DATA FOR PROCESSING:
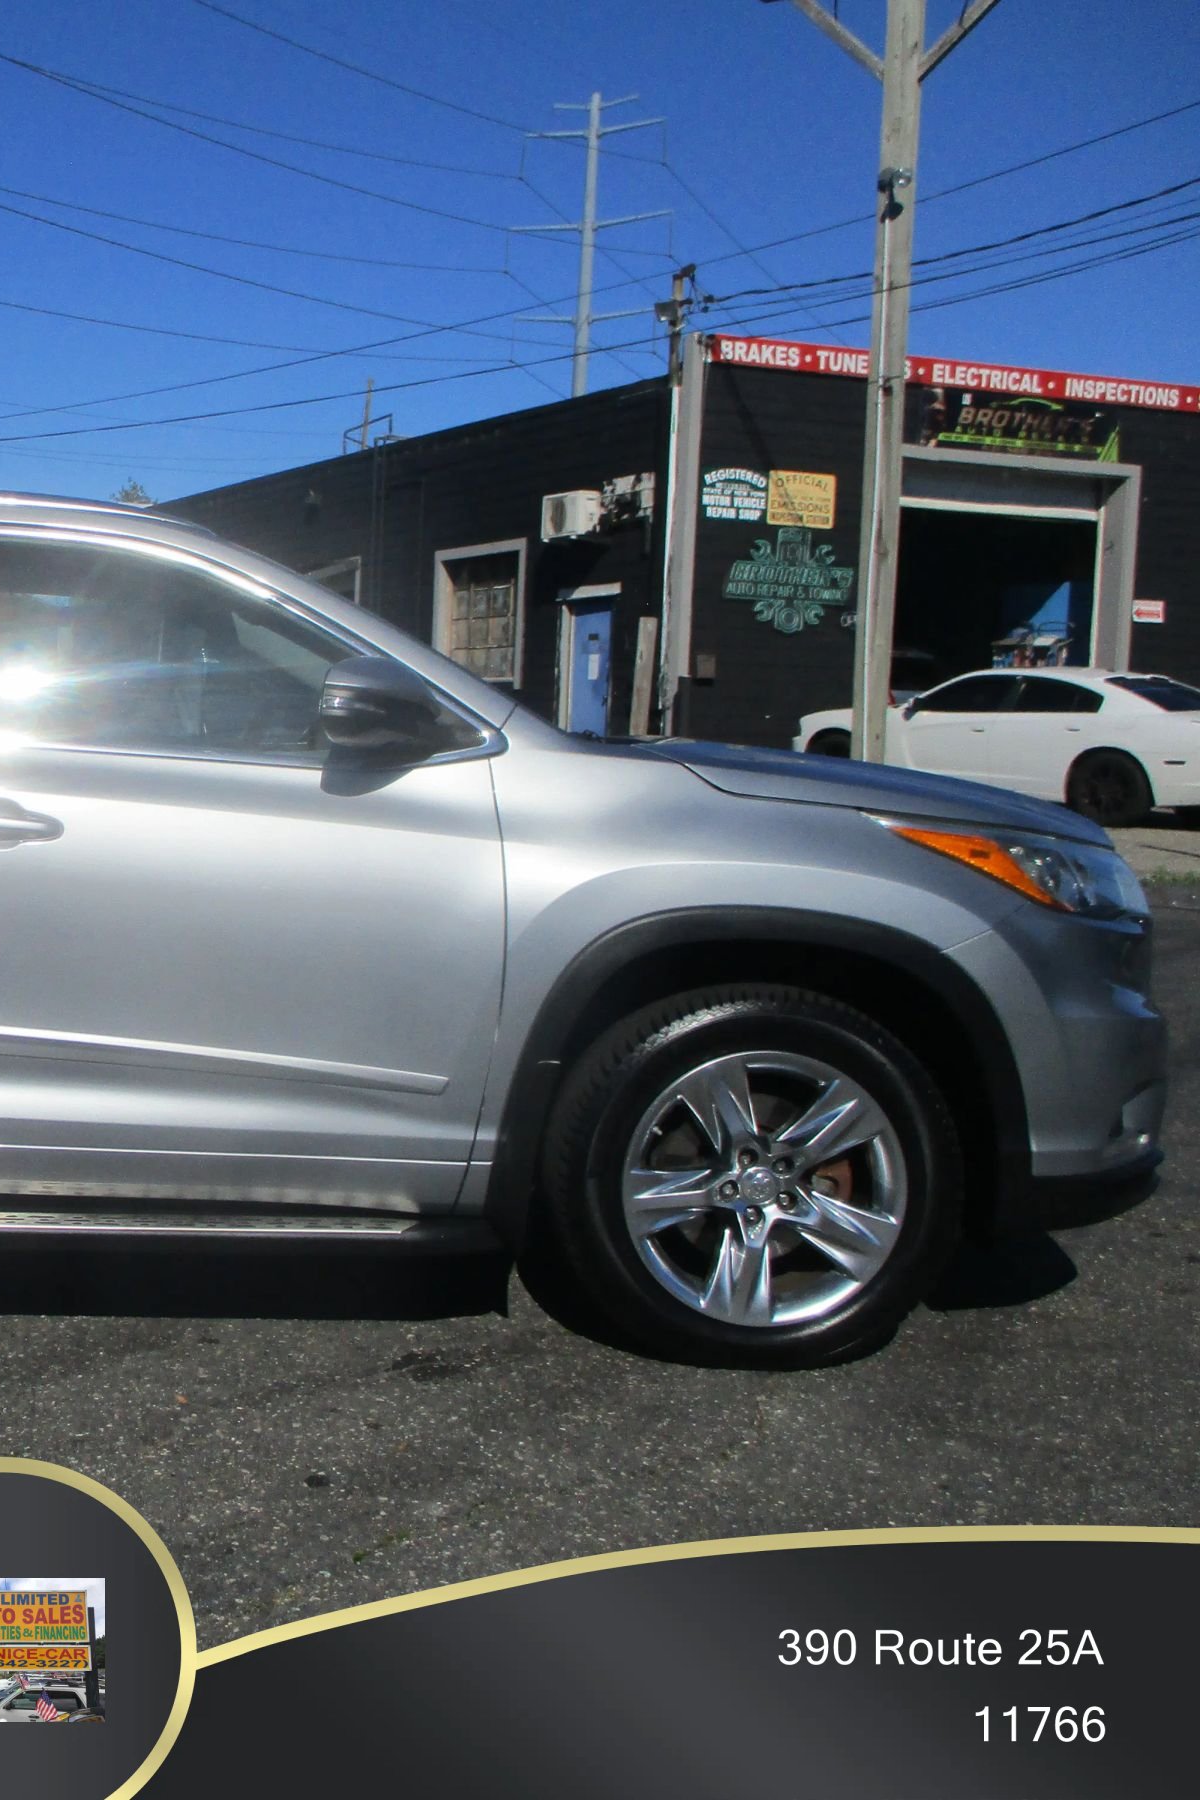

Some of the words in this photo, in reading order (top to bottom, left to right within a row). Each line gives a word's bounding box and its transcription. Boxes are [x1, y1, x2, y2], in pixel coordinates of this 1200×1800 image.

[720, 339, 800, 367] BRAKES
[932, 363, 1042, 394] ELECTRICAL
[1065, 378, 1180, 408] INSPECTIONS
[704, 468, 767, 489] REGISTERED
[776, 474, 829, 492] OFFICIAL
[702, 494, 732, 507] MOTOR
[733, 496, 767, 510] VEHICLE
[770, 499, 831, 514] EMISSIONS
[706, 506, 737, 519] REPAIR
[738, 508, 762, 521] SHOP
[726, 582, 755, 595] AUTO
[756, 583, 795, 598] REPAIR

TASK DESCRIPTION: Please set down the lines above word for word and leave out the pictures.

EXERCISE RESULT:
Some of the words in this photo, in reading order (top to bottom, left to right within a row). Each line gives a word's bounding box and its transcription. Boxes are [x1, y1, x2, y2], in pixel coordinates of this 1200×1800 image.

[720, 339, 800, 367] BRAKES
[932, 363, 1042, 394] ELECTRICAL
[1065, 378, 1180, 408] INSPECTIONS
[704, 468, 767, 489] REGISTERED
[776, 474, 829, 492] OFFICIAL
[702, 494, 732, 507] MOTOR
[733, 496, 767, 510] VEHICLE
[770, 499, 831, 514] EMISSIONS
[706, 506, 737, 519] REPAIR
[738, 508, 762, 521] SHOP
[726, 582, 755, 595] AUTO
[756, 583, 795, 598] REPAIR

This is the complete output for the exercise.